A year with data
I have been trying to work on data analysis for a while, but its been a lot of start and stop. I started with pure spatial data(University of Maine, Spatial Information) and then started working with public health data. Eventually I came to understand that the two are connected. Considering where events occurred can be helpful in understanding how to handle
public health issues. Some guy named Snow figured this out in the 1850’s. The big data movement has made things like machine learning,R, NLP, Hadoop, Pandas and Spark popular. I have decided to spend the next year mucking about with a couple of data sets to get a better idea of what can and can’t be done.
There are two data sets I plan to use(so far).

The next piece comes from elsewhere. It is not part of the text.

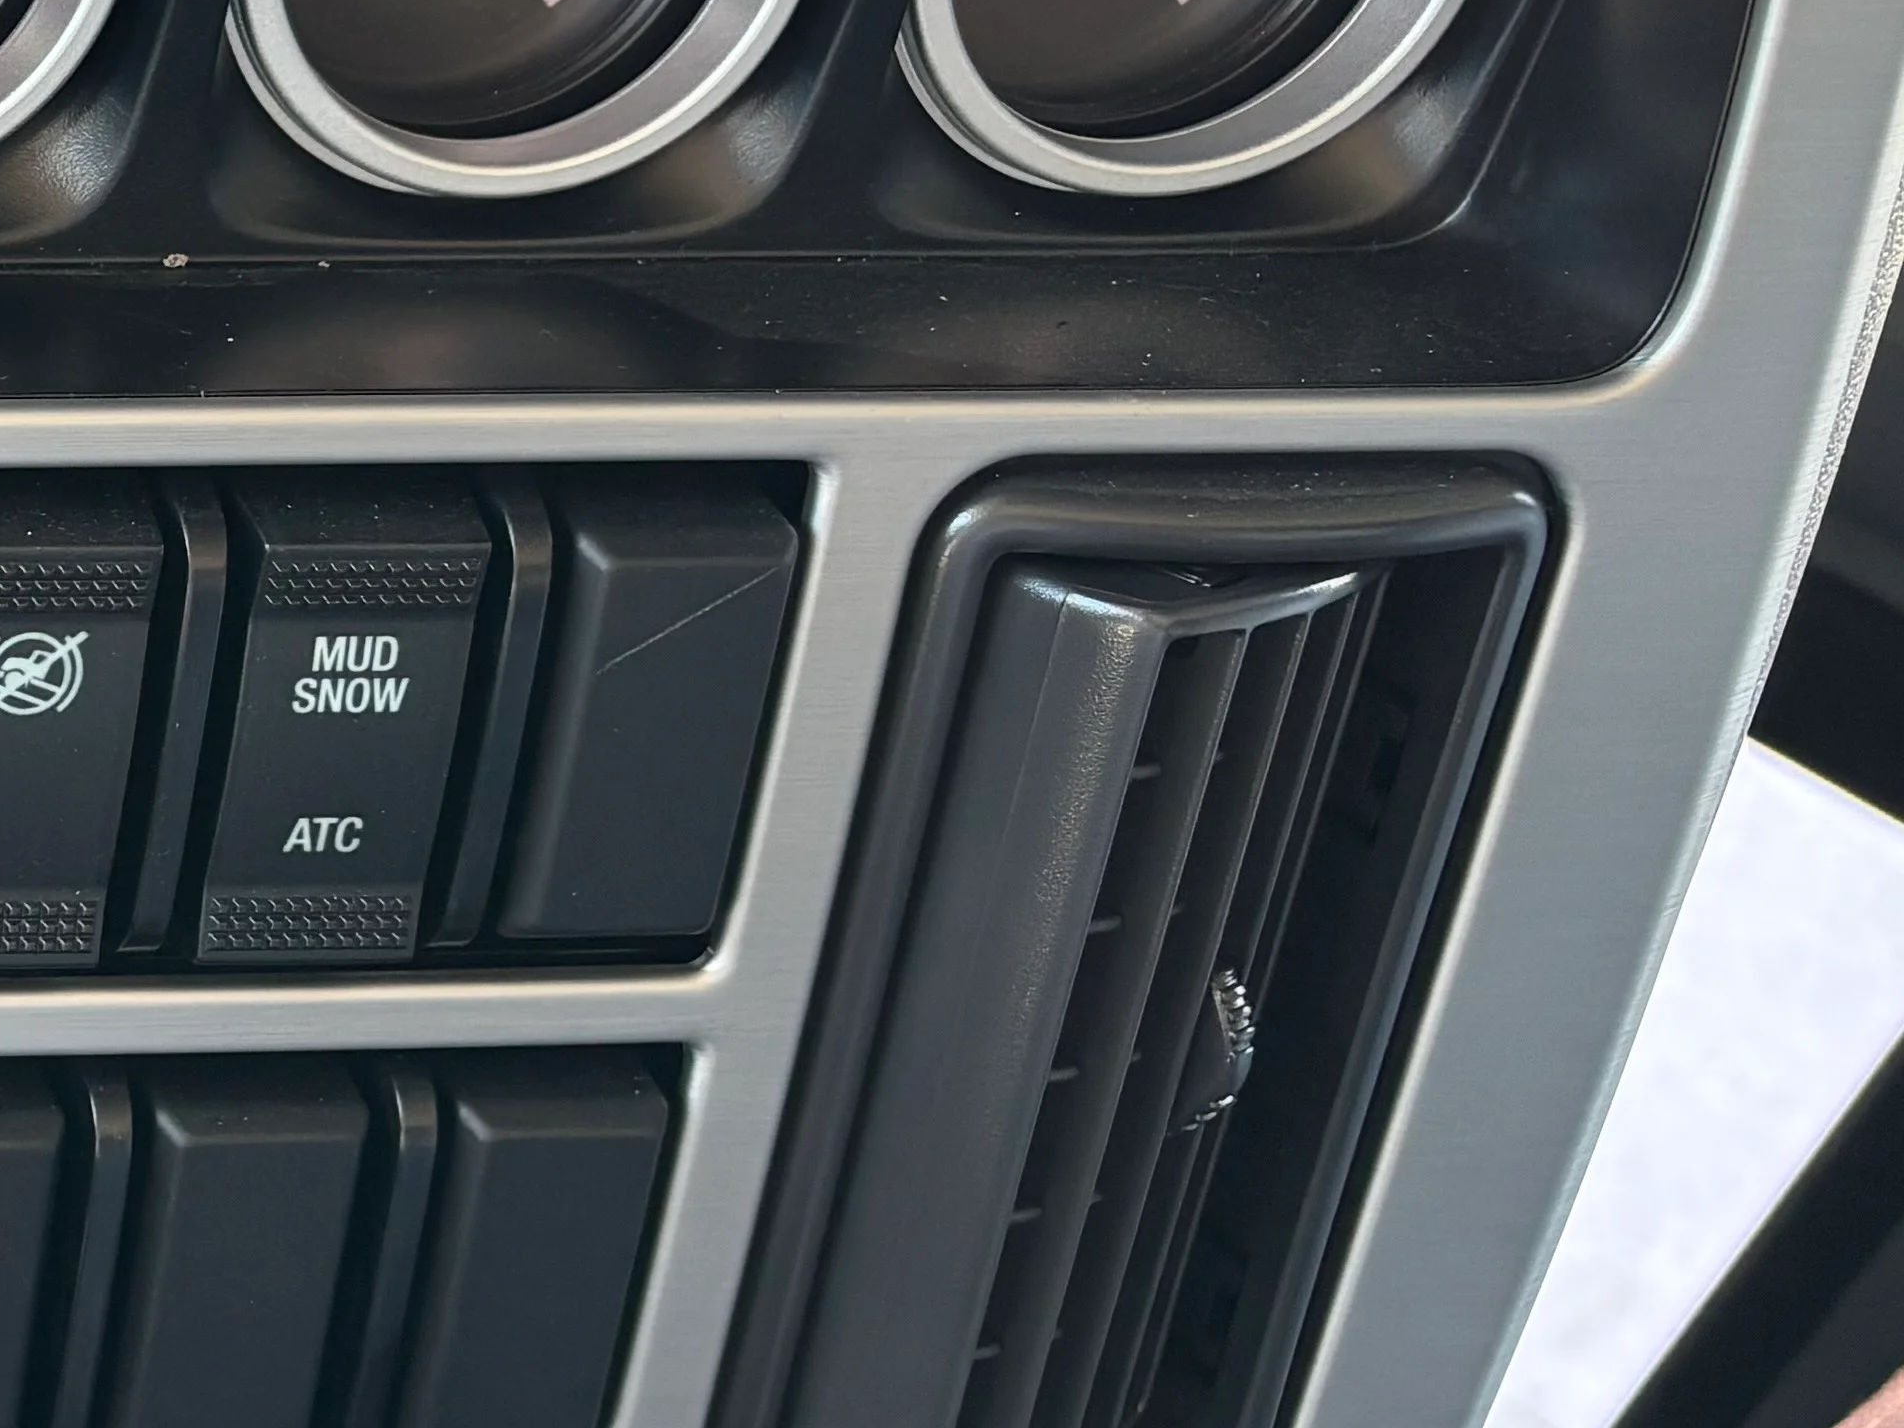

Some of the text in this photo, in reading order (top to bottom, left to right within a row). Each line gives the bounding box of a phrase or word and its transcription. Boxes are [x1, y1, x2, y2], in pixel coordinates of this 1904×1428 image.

[311, 635, 399, 672] MUD
[292, 677, 410, 714] SNOW
[282, 816, 363, 853] ATC

The first is public health information assembled by Project Tycho, University of Pittsburgh . The project has gathered public health data for over a hundred years. It consists of events(cases or deaths) due to disease. Each event is associated with a State, City, Year, and Day of the year. I have added Lat and Lon for each City.
The second set is being created each day(when I remember…). It involves pulling data from a job board using their api. This data is nice because it is changing every day. It also has a lot of free text that might be useful for NLP or classification.
My day job involves Java. For this effort I’d like to stay with Python. There are some exceptions where Java might make more sense, loading large data sets, or Hadoop MapReduce. I am using Django to create web apps as needed.
Python has it own analysis library, but works well with R. Probably a good path to stay with.
My favorite data store is Neo4j, the graph database.